James Chung’s presentation was especially interesting. Introduced as a “futurologist” from Reach Advisors, he was pretty quick to dismiss this title. His talk focused on concrete social and demographic trends developing around the financial crisis and what they mean for museums.
Chung described the
financial crisis as a “cyclical external shift” but said that museums are
currently undergoing a “fundamental shift” in terms of visitor engagement. His
outlook for museum funding was pretty bleak.
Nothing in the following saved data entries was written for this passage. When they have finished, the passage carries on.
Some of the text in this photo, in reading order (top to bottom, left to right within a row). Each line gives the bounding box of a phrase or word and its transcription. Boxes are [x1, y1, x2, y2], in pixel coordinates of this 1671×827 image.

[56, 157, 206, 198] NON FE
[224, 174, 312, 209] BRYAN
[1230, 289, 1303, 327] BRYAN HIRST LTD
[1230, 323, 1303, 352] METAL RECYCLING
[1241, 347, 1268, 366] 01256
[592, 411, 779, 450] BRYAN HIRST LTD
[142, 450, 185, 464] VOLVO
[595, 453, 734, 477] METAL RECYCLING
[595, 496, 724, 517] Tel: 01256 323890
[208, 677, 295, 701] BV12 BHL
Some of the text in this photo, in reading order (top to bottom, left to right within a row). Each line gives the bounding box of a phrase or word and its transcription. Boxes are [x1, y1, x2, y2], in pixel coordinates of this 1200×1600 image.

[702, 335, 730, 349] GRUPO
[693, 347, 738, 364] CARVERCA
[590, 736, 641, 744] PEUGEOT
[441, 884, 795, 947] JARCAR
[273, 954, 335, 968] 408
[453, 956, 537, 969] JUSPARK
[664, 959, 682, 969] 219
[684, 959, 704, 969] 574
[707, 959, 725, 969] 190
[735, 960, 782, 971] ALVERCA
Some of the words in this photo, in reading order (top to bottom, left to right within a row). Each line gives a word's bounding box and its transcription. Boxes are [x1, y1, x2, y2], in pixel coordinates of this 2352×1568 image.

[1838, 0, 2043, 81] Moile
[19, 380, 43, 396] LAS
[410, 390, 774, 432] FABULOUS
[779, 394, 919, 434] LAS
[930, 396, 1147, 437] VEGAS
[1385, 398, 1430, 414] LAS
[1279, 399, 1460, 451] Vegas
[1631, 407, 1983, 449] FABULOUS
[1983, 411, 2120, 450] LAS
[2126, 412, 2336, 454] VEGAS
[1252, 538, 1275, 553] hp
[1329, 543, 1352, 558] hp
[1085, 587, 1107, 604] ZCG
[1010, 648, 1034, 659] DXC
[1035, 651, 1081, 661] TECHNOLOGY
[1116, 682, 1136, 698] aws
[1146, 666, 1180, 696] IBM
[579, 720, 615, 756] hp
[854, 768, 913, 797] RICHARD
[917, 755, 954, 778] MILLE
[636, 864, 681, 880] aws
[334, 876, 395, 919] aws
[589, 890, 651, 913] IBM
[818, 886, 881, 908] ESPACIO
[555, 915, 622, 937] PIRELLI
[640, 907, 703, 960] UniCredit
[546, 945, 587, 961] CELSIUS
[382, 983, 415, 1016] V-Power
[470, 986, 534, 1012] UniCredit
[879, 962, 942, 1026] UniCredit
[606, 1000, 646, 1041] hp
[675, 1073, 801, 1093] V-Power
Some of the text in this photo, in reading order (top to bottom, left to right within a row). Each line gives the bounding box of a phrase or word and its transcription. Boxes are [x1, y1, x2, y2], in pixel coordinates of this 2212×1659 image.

He drew a comparison between the
current crisis in the US and the situation in the 1990s in Japan where, after
huge museum expansion in the 80s, the 90s saw a drastic drop in governmental
and corporate support with budget cuts of up to 40% and widespread closures as
Japan entered a 10 year deflationary economy.
According to Chung, US museums are currently facing a huge number of challenges, the biggest being that museums rely heavily on corporate and individual philanthropy with 40% of all contributions coming from the (collapsing) financial and real estate industries. The days of extraordinary windfall are over and there is no doubt that museums will suffer as a result.
However, he found a surprising number of positives in the current situation. The first bright spot was that admissions and membership revenue are still mostly holding up, especially for “hyper-local” museums, children’s museums and science centres. On the other hand, larger art and history museums are struggling more because of their higher reliance on endowement.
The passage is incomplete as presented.